O Mais Médicos não passava de uma forma de financiar a ditadura cubana
Mas foi a divulgação do conteúdo de telegramas da embaixada brasileira em Cuba, no fim de 2018, que escancarou a verdadeira natureza do Mais Médicos: ele não passava de uma forma de financiar a ditadura cubana, a verdadeira mentora do programa. O Brasil aceitou praticamente todas as exigências feitas por Havana, permitindo a vinda de outros estrangeiros apenas como maneira de disfarçar o que estava sendo acertado entre os dois países.

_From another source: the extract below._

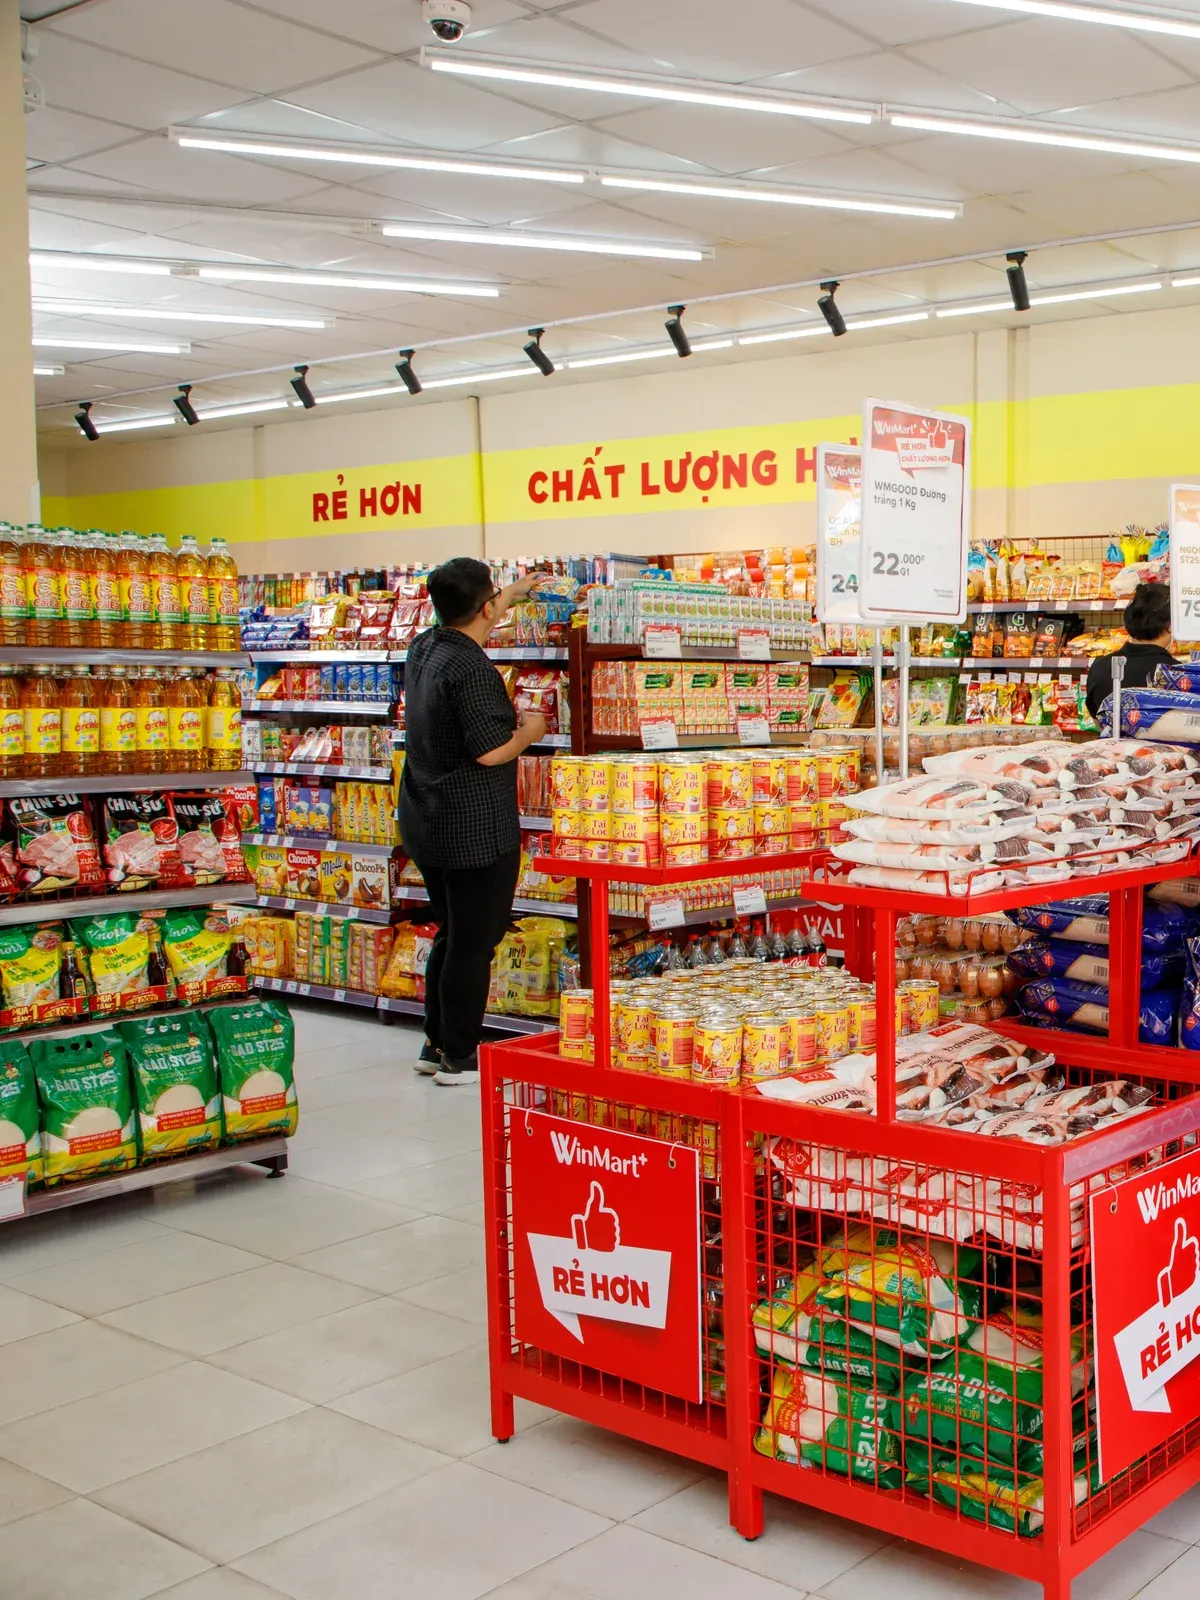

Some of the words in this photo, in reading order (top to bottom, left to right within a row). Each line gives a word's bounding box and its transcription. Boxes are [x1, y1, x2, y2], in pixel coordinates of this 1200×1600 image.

Prova de que a saúde dos brasileiros de áreas pobres estava longe de ser a prioridade dos ditadores caribenhos foi o fato de Cuba chamar de volta 8,5 mil médicos assim que Bolsonaro, ainda na qualidade de presidente eleito, prometeu mudar o acerto, pagando integralmente os cubanos que trabalhavam no Brasil em vez de recorrer à triangulação que enchia os cofres do Partido Comunista. Só isso já era justificativa mais que suficiente para Bolsonaro dar por encerrado o Mais Médicos, sem precisar recorrer a alegações fantasiosas, como a de que os cubanos estariam no Brasil para estabelecer núcleos de guerrilha.
O novo programa terá 18 mil vagas, das quais 13 mil estarão disponíveis em locais onde a falta de profissionais é mais dramática. Além disso, 55% dos médicos irão para as regiões Norte e Nordeste. Os salários serão maiores que o do Mais Médicos, incluindo gratificações para os que trabalharem em locais como zonas rurais e áreas ribeirinhas, com a contratação, via CLT, dos médicos aprovados no curso de especialização que terão de fazer assim que ingressarem no Médicos pelo Brasil.

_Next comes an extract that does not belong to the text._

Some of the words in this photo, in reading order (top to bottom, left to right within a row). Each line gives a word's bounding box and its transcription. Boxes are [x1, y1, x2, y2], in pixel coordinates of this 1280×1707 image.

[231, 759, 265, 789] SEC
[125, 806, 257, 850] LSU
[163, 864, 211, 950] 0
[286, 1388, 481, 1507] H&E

Quanto aos cubanos que permaneceram no Brasil – cerca de 1,8 mil médicos tiveram a coragem de desobedecer a ordem de Havana e não voltaram à ilha-prisão –, o governo resolveu a questão migratória ao permitir que eles peçam à Polícia Federal uma autorização de residência, o passo principal para que essas pessoas tenham uma vida livre no Brasil. Mas esses profissionais só poderão exercer a medicina se forem aprovados no Revalida, o exame exigido de qualquer médico diplomado no exterior. Neste sentido, também é bem-vinda a intenção do governo de fixar uma frequência semestral para o teste, que hoje não tem periodicidade definida – o último Revalida teve inscrições em 2017 e realizou sua segunda etapa no fim do ano passado.
As vantagens do Médicos pelo Brasil em relação ao Mais Médicos são evidentes; e há um interesse por parte dos profissionais – o edital de emergência publicado no fim de 2018 para compensar a saída dos cubanos preencheu teve todas as vagas preenchidas, ainda que ao longo deste ano 1,3 mil médicos tenham deixado o programa. Com as novas condições oferecidas pela nova iniciativa, a expectativa é de que a procura aumente e as desistências diminuam, finalmente garantindo aos mais vulneráveis a atenção médica digna que todo brasileiro merece.